Free-text object descriptions
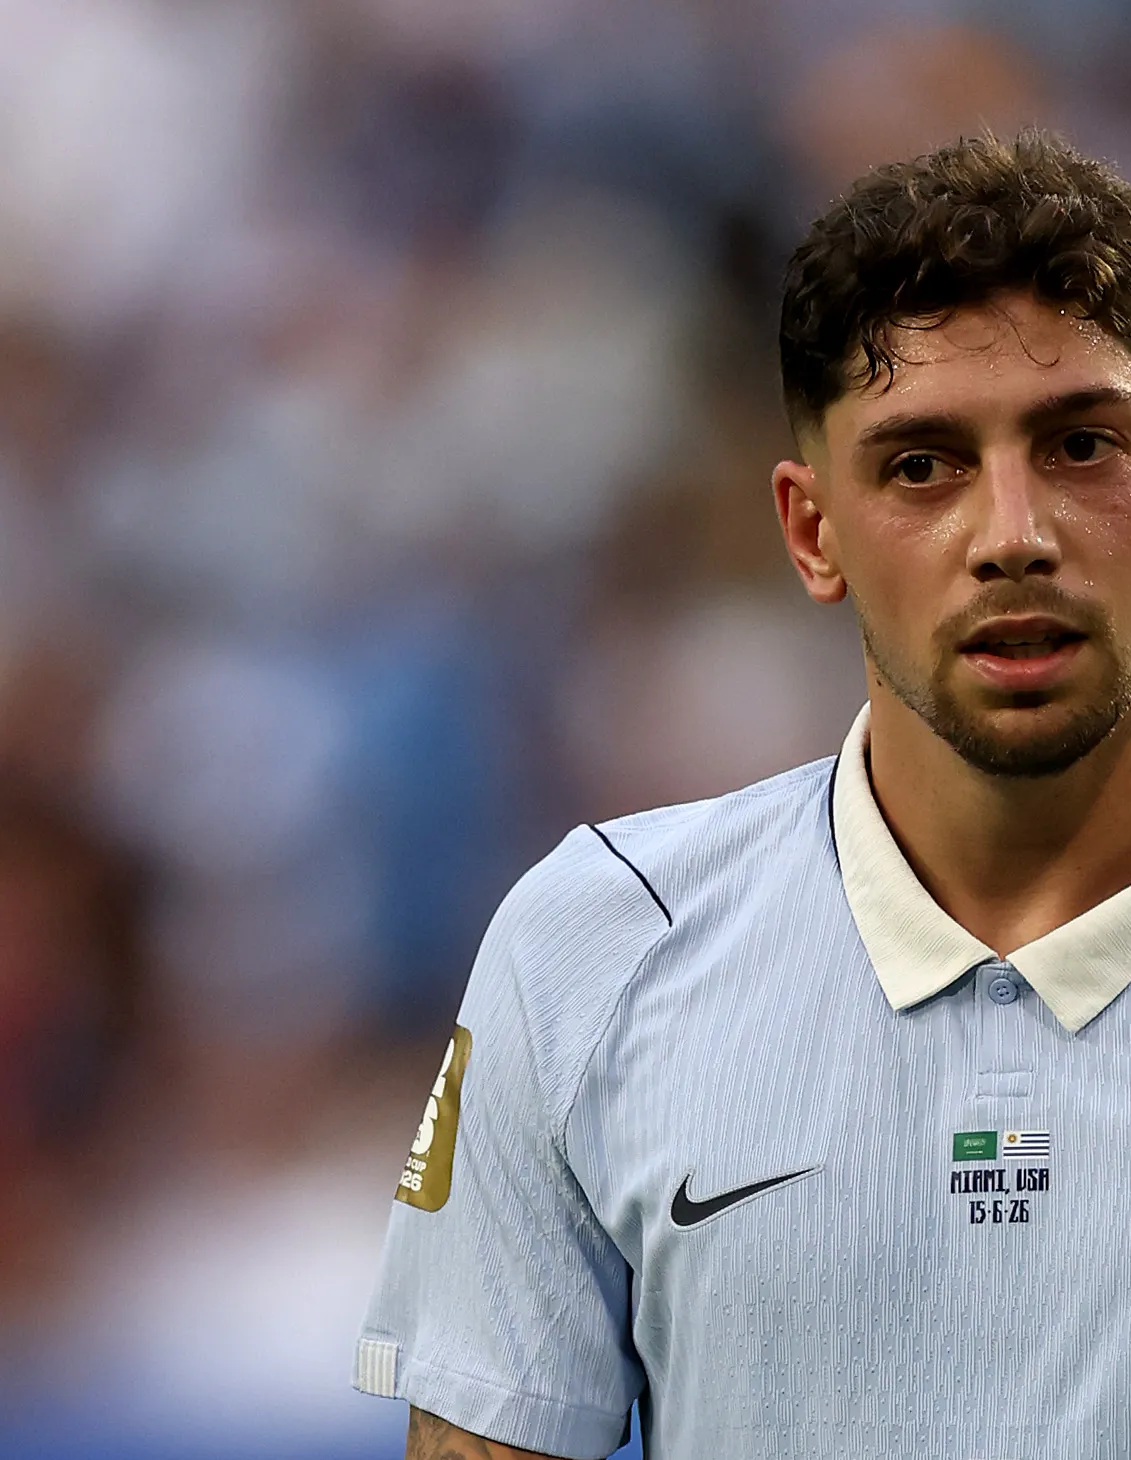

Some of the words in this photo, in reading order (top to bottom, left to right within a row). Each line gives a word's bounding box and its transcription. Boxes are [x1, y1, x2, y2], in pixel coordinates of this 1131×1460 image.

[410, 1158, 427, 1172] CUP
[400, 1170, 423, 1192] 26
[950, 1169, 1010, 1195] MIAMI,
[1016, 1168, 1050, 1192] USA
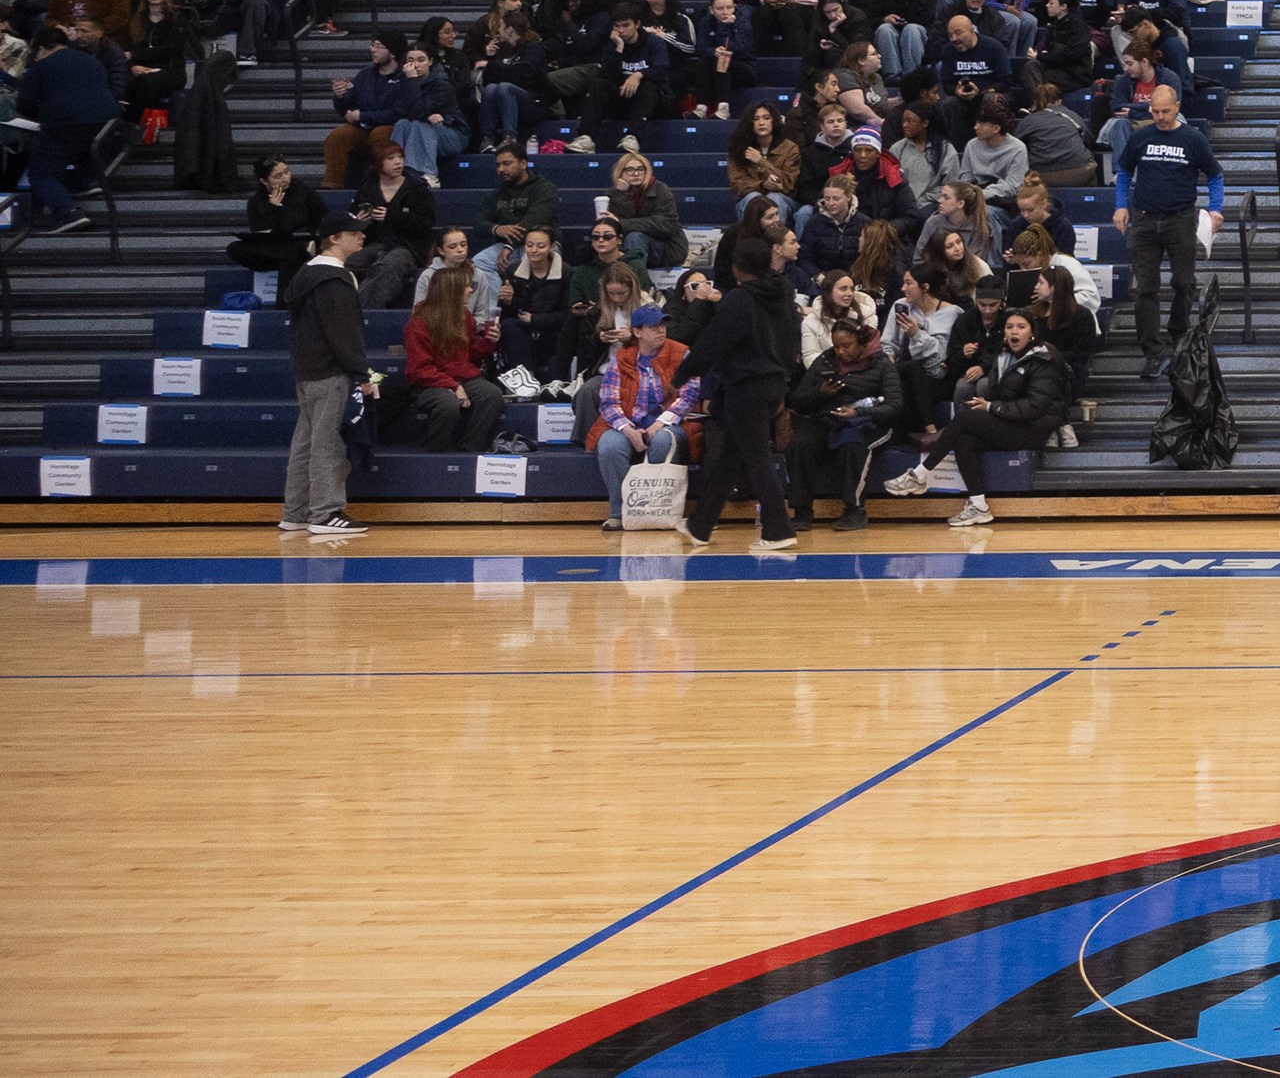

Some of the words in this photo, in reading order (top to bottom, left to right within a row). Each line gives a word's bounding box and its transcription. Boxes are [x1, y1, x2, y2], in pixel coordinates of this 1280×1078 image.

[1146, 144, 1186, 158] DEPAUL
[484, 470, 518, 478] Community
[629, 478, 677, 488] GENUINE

## TASK
The lines to output run from the one containing "this 1280×1078 image." through the last line of the records above; repeat them exactly and nothing more.

## ANSWER TO THIS TASK
Some of the words in this photo, in reading order (top to bottom, left to right within a row). Each line gives a word's bounding box and its transcription. Boxes are [x1, y1, x2, y2], in pixel coordinates of this 1280×1078 image.

[1146, 144, 1186, 158] DEPAUL
[484, 470, 518, 478] Community
[629, 478, 677, 488] GENUINE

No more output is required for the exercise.